Regulatory developments around synthetic training data. The EU AI Act and related frameworks may impose new requirements on AI systems trained with synthetic data, particularly for high-risk applications like environmental monitoring.
Competitive response from larger players. Meta's acquisition of AI.Reverie signals big tech interest in synthetic data. Whether Another Earth can maintain its focus on Earth observation while larger players enter the space will shape the market.
The company's trajectory from research to large-scale deployment is exactly the transition where most AI projects fail. The funding provides runway. The partnerships provide market access. The question is whether the implementation details – the unglamorous work of making AI systems actually work in production – can match the ambition.
For teams building AI systems that depend on geospatial data, Another Earth's approach offers a potential solution to the training data bottleneck. But as with any infrastructure dependency, the implementation details matter more than the pitch deck. Before committing to synthetic data as a training source, validate performance on real-world test sets, document the data provenance for compliance purposes, and build monitoring systems that can detect domain gap issues in production.
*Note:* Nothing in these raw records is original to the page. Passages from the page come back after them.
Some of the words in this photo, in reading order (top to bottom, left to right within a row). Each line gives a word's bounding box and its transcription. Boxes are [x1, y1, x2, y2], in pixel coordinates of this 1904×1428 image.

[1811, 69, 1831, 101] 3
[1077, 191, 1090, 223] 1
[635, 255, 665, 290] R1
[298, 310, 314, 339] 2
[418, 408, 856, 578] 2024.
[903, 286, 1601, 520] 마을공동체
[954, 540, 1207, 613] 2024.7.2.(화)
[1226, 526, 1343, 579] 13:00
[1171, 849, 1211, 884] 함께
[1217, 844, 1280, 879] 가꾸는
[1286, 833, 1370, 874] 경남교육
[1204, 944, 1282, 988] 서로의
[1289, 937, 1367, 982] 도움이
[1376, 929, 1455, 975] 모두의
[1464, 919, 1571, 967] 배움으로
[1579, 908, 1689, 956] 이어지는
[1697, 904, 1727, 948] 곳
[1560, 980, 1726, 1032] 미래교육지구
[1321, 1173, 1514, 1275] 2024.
The gap between demo and deployment is where projects die. Another Earth is betting €3.5 million that synthetic data can help close it.
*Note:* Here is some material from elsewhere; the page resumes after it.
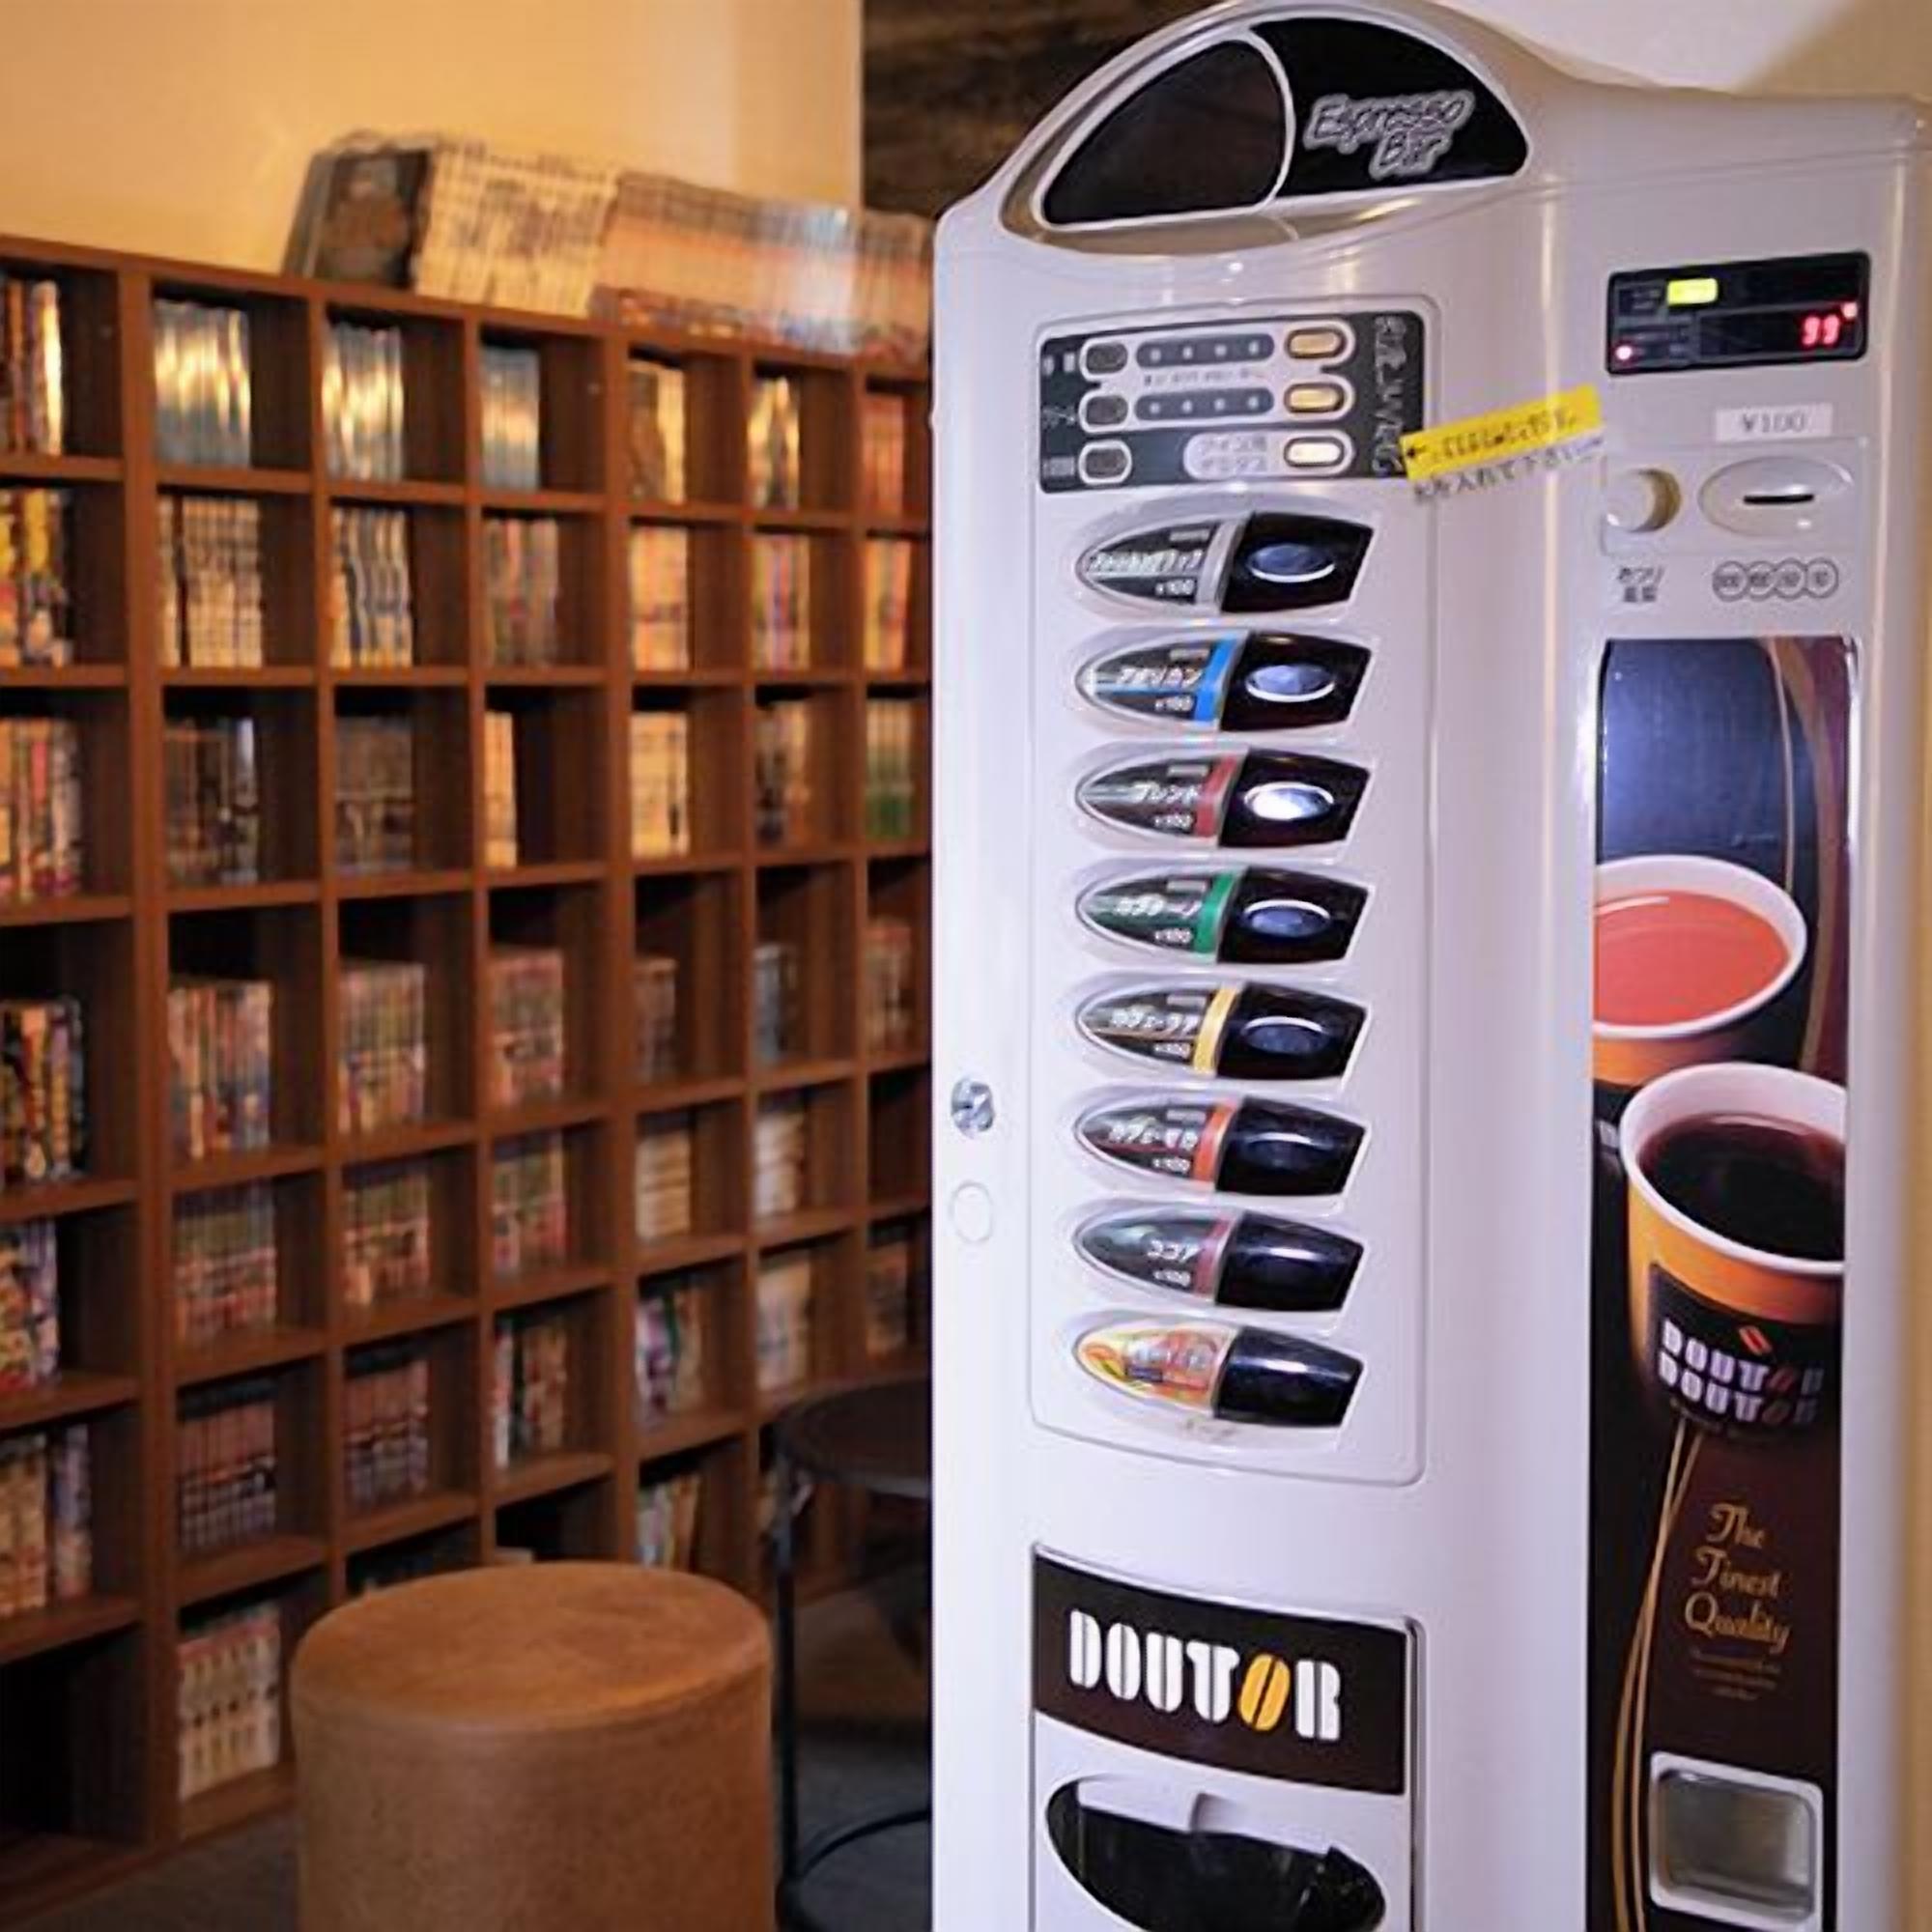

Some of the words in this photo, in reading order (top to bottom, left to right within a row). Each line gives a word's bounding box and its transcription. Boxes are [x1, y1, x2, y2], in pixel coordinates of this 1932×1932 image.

[1742, 411, 1805, 434] ¥100
[1705, 1502, 1765, 1549] The
[1685, 1592, 1791, 1654] Quality
[1069, 1607, 1342, 1742] DOUTOR
This is precisely the kind of infrastructure question that deserves deeper examination – not just what the technology can do, but how it actually gets deployed, governed, and validated in production. For those building Europe's AI future, these implementation details are the conversation that matters. That conversation continues at Human x AI Europe in Vienna on May 19, where the people shipping AI systems gather to share what actually works.
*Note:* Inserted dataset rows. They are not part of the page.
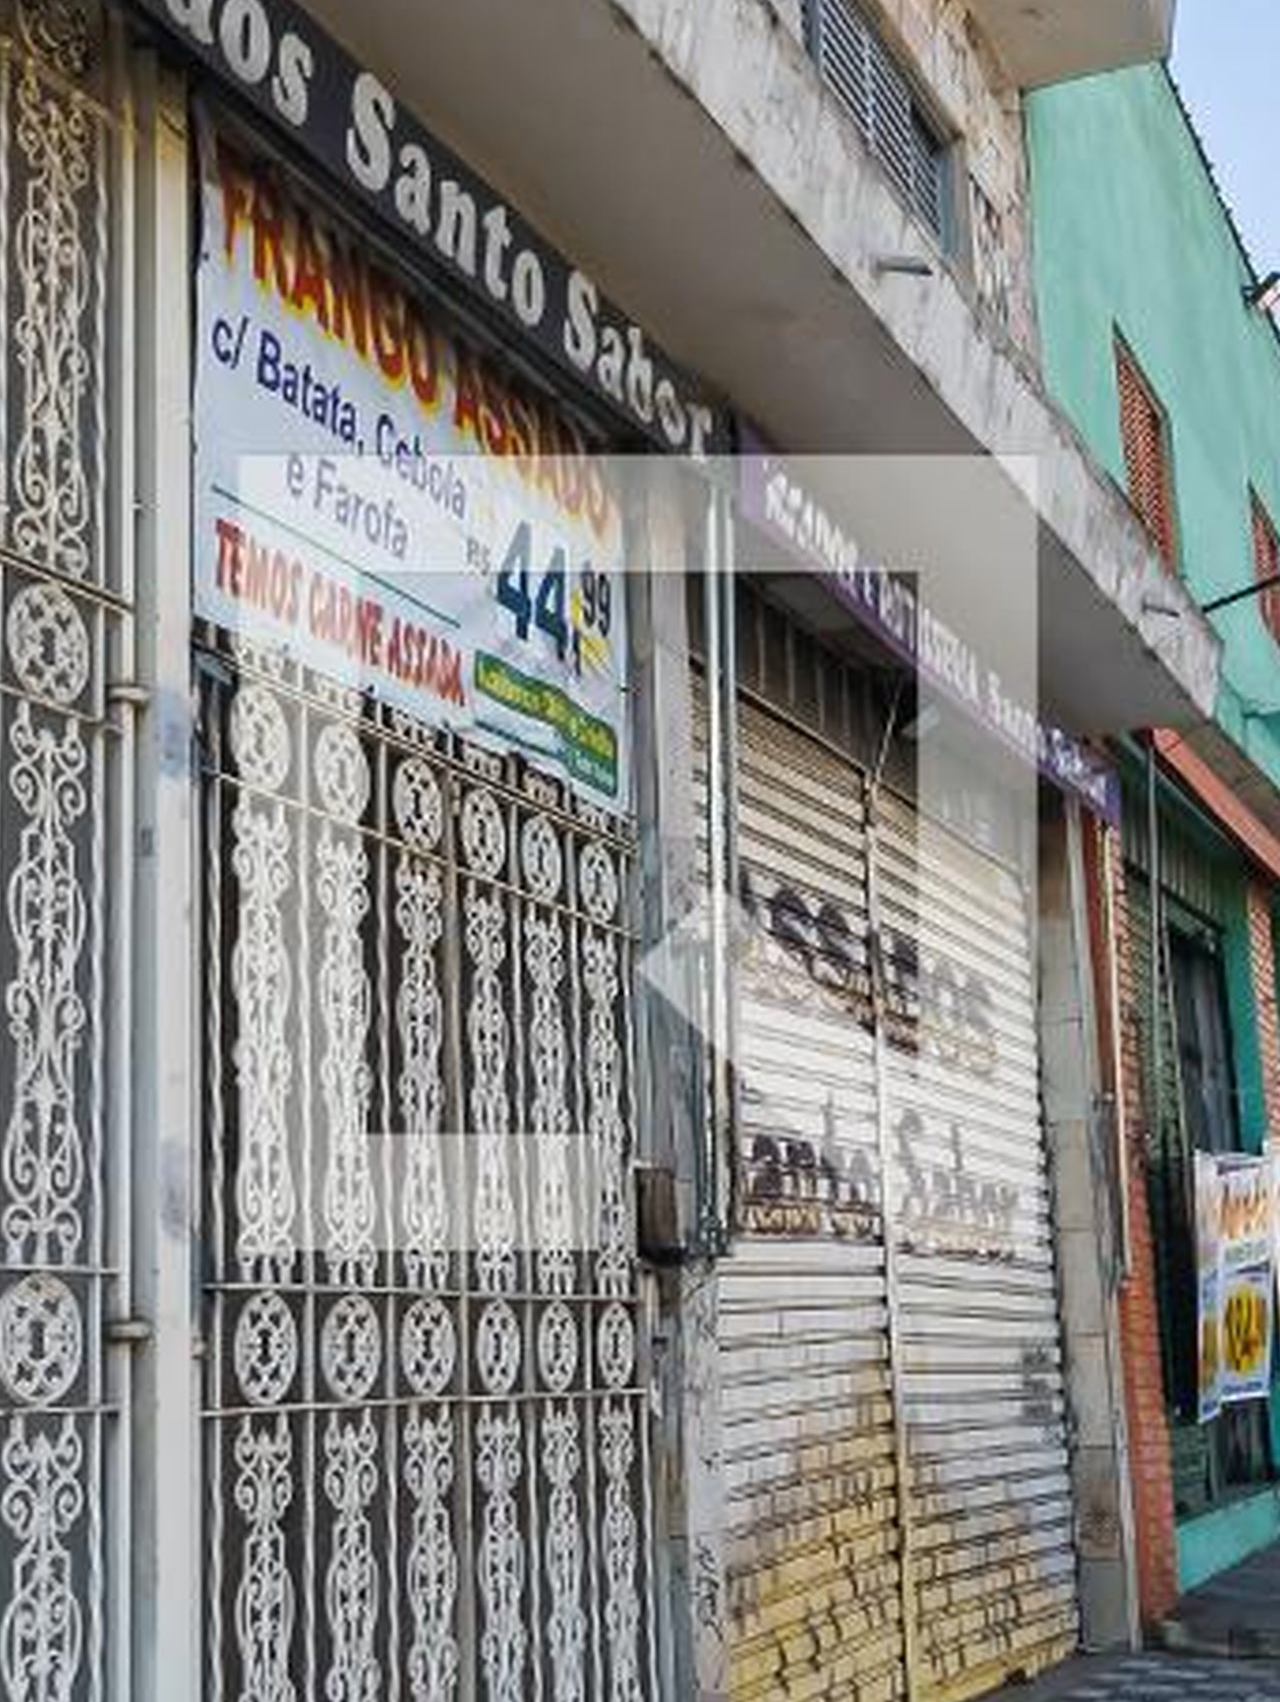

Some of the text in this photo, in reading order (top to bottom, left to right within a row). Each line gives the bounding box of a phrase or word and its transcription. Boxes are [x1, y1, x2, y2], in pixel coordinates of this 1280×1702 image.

[220, 155, 442, 415] FRANGO
[345, 71, 546, 328] Santo
[562, 270, 714, 463] Sabor
[211, 316, 466, 519] c/ Batata, Cebola
[286, 453, 409, 560] e Farofa
[216, 518, 466, 708] TEMOS CARNE ASSADA
Frequently Asked Questions
Q: What is synthetic satellite data and how does Another Earth generate it?
A: Synthetic satellite data is artificially generated imagery that mimics real satellite observations. Another Earth's Synthetic Data Engine combines generative AI with procedural 3D simulations to create high-resolution, fully labeled, multispectral imagery that can be customized by biome, location, or environmental conditions.
Q: How much funding did Another Earth raise and who invested?
A: Another Earth raised €3.5 million in funding led by Wake-Up Capital, with participation from existing investors Rockstart, Inovexus, and Stamco AG, plus institutional support from Austria's FFG, AWS, and the European Space Agency (ESA).
Q: What regions will Another Earth expand into with this funding?
A: The company will scale operations in Brazil (partnering with NovaTerra) and Sub-Saharan Africa (partnering with GeoTerra Image) to produce synthetic satellite data for biodiversity monitoring, deforestation tracking, and climate risk analysis.
Q: What are the main risks of using synthetic data to train Earth observation AI models?
A: Key risks include domain gap (models performing differently on real vs. synthetic data), temporal consistency challenges, validation difficulties in data-scarce regions, and regulatory uncertainty as AI governance frameworks evolve.
Q: When was Another Earth founded and who are the founders?
A: Another Earth was founded in 2020 by Maya Pindeus (CEO) and Felix Geremus. The company is headquartered in Vienna with operations in London.
Q: How does Another Earth's synthetic data differ from traditional satellite imagery for AI training?
A: Unlike traditional satellite imagery, Another Earth's synthetic data comes pre-labeled (eliminating manual annotation costs), can be generated at scale for rare scenarios and underrepresented regions, and avoids privacy issues and sampling bias inherent in real-world data collection.